### Aim of the task
Without the pictures, copy the entries below word for word.

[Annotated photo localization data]
════════════════════

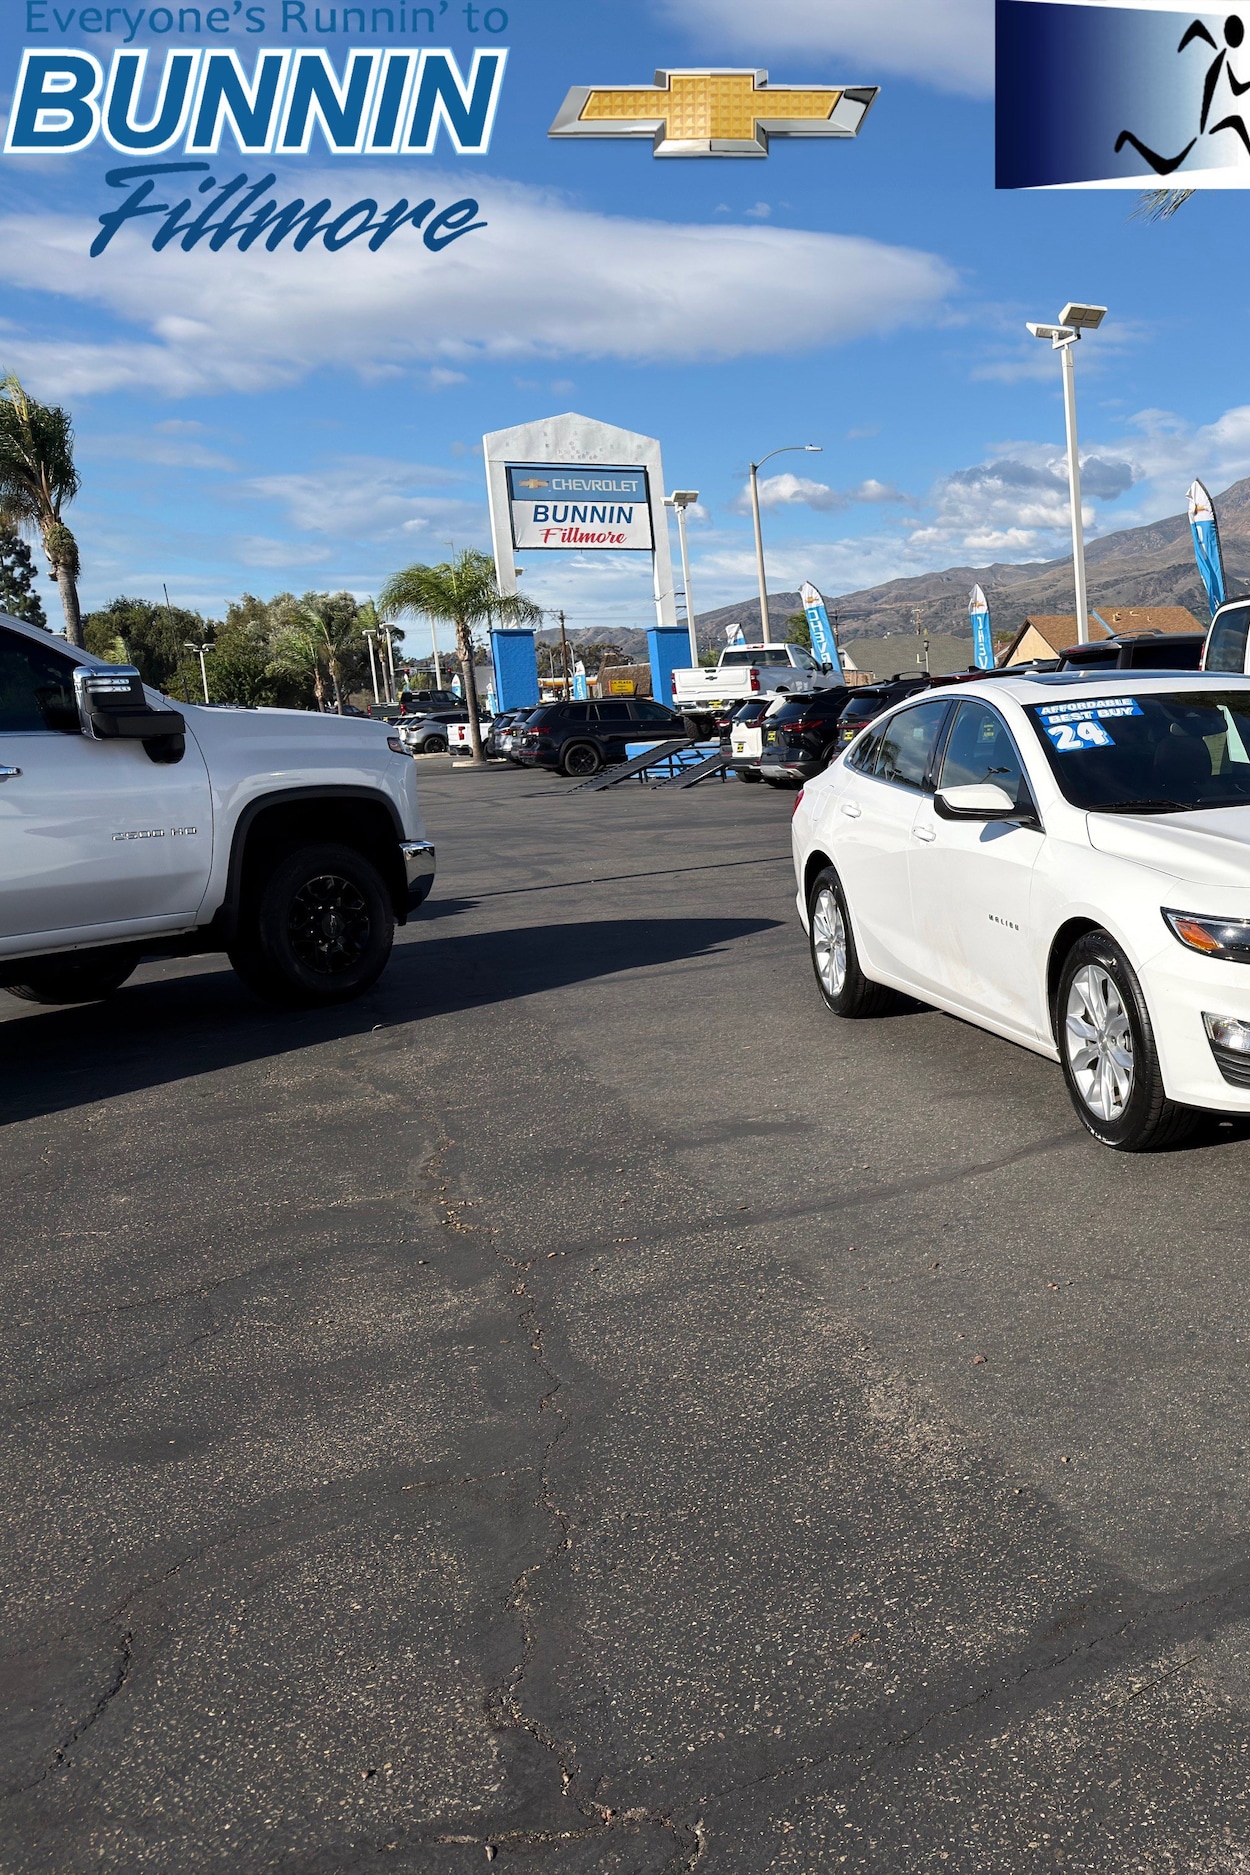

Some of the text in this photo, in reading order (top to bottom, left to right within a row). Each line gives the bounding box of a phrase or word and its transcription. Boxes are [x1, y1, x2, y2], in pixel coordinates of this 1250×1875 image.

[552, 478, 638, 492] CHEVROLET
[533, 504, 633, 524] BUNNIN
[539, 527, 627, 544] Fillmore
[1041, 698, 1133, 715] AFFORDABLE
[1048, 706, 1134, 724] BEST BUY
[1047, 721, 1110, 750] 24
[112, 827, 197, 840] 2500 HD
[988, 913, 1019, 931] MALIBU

════════════════════

### Solution for this task
Some of the text in this photo, in reading order (top to bottom, left to right within a row). Each line gives the bounding box of a phrase or word and its transcription. Boxes are [x1, y1, x2, y2], in pixel coordinates of this 1250×1875 image.

[552, 478, 638, 492] CHEVROLET
[533, 504, 633, 524] BUNNIN
[539, 527, 627, 544] Fillmore
[1041, 698, 1133, 715] AFFORDABLE
[1048, 706, 1134, 724] BEST BUY
[1047, 721, 1110, 750] 24
[112, 827, 197, 840] 2500 HD
[988, 913, 1019, 931] MALIBU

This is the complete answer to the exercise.